3. Personalized treatment. The importance of individually tailored treatment to meet patients’ needs is well-established, but most ICBT programs employ an inflexible, “one-size-fits-all” method [8]. This method has been a consistent source of discontent among participants in Smart et al.’s [4] study. Thus, when treating youth, intellectual and reading abilities, attention span, and technological skills should be assessed. The results of this assessment will serve as the basis for interventions that offer individually tailored age-appropriate content, engagement strategies, and content load [12]. Similarly, parental involvement, as is often incorporated in pediatric CBT, must be tailored to the needs and developmental stage of patients, to their parents’ characteristics, and to the parent–child dynamics. Parental involvement may assist younger patients bear the responsibility of ICBT [10]. Though post-pandemic reviews of individually tailored ICBT for youth with anxiety disorders remain scarce, individually tailored ICBT for depressed youth has shown promising results, demonstrating the feasibility and benefits of highly responsive models that offer a flexible array of interactive materials and engagement strategies [8, 12].
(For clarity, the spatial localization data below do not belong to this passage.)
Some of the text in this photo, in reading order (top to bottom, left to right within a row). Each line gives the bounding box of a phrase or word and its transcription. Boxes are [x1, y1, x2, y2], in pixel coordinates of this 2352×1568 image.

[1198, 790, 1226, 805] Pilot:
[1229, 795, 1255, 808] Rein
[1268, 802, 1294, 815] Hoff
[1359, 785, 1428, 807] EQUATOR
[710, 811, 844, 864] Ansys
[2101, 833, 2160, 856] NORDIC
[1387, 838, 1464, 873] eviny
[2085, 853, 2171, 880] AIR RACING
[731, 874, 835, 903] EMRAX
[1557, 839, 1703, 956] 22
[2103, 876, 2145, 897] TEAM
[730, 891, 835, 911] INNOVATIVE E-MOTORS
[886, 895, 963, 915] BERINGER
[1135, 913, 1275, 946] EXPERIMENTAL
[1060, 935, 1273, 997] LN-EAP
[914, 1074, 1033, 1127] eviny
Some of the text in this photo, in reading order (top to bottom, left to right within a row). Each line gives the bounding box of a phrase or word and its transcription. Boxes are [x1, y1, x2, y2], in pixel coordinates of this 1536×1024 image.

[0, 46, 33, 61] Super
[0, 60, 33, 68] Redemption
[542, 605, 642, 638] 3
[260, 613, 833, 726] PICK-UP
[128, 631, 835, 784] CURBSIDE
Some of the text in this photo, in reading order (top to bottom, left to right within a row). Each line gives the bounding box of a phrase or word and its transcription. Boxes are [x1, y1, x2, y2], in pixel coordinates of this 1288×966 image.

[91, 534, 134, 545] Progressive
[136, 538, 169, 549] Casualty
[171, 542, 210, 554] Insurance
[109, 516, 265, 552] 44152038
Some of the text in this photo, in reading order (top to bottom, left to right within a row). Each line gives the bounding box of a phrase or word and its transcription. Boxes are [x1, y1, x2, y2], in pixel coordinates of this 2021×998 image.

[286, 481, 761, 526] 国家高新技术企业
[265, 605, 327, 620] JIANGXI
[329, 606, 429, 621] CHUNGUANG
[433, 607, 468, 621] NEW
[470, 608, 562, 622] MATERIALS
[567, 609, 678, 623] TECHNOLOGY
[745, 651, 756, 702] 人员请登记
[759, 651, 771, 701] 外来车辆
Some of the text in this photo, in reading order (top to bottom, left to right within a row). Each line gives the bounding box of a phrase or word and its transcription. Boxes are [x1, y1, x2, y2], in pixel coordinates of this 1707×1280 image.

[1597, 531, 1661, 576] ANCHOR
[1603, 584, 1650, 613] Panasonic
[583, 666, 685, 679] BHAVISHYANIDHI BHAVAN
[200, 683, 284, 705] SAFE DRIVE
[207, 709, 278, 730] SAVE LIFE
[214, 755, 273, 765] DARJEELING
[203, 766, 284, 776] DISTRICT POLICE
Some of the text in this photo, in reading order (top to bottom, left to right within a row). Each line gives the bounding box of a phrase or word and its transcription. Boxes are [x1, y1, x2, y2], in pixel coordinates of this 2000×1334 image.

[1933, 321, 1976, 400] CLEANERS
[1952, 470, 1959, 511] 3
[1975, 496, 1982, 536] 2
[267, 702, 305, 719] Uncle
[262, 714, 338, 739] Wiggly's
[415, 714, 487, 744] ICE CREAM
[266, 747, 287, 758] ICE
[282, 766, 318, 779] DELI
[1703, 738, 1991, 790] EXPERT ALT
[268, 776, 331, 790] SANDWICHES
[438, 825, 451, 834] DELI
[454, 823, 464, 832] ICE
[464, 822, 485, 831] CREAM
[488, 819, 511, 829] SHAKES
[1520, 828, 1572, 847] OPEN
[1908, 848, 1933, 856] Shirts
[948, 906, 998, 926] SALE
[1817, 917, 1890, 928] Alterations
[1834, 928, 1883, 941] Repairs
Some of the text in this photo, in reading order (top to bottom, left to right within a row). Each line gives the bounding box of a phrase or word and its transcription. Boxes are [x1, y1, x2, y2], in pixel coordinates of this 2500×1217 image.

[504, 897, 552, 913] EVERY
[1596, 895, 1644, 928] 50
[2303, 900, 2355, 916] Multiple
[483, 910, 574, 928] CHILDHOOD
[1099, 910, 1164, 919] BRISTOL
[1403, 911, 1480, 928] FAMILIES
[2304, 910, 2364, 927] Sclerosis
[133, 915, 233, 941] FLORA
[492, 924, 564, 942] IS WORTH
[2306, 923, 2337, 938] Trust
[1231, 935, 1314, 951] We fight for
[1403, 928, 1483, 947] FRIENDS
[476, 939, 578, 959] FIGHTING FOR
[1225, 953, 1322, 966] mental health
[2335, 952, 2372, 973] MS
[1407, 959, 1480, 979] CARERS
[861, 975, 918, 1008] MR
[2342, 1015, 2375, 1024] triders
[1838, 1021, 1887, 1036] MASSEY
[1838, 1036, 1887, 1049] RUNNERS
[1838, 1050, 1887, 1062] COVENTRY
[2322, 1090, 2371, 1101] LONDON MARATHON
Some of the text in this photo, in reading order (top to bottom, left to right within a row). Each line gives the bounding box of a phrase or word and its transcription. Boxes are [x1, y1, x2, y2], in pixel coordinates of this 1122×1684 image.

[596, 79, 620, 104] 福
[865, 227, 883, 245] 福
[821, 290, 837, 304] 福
Presenting a hybrid personalized model

Smart et al.’s [4] findings compel us to rethink how to integrate the advantages of remote and face-to-face modalities into a hybrid model of treatment for child and adolescent anxiety disorders in the post-COVID-19 pandemic era. We propose that a hybrid model should be implemented when possible, in order to incorporate initial face-to-face meetings for personalized assessment, alliance building, and for the initiation of a carefully tailored treatment plan. As mentioned, during these initial meeting, therapists should assess the strengths and limitations of patients and their parents, with the aim of facilitating their ability to benefit from remote treatment modalities. Based on this initial assessment, therapists will be able to make better decisions regarding the proportion of therapy to be conducted face-to-face versus remotely. To ensure a personalized approach, it is recommended that therapists construct a wide, diverse bank of materials, involve parents, maintain ongoing monitoring of treatment progress, and use technology to enhance between-session practices.

As evidence continuous to accumulate regarding the effectiveness of remote treatment modalities, studying the effectiveness of hybrid treatments may serve as the next step in developing more accessible treatment to an ever-growing population in need. We believe that hybrid models that combine the advantages of remote and face-to-face treatments will be more effective than the two models applied individually. Further research could refine hybrid treatment protocols by identifying the needs of diverse populations and by providing specific recommendations such as ideal session duration, proportion of face-to-face versus remote therapist engagement, use of technological support, as well as strategies for establishing an effective therapeutic setting and alliance.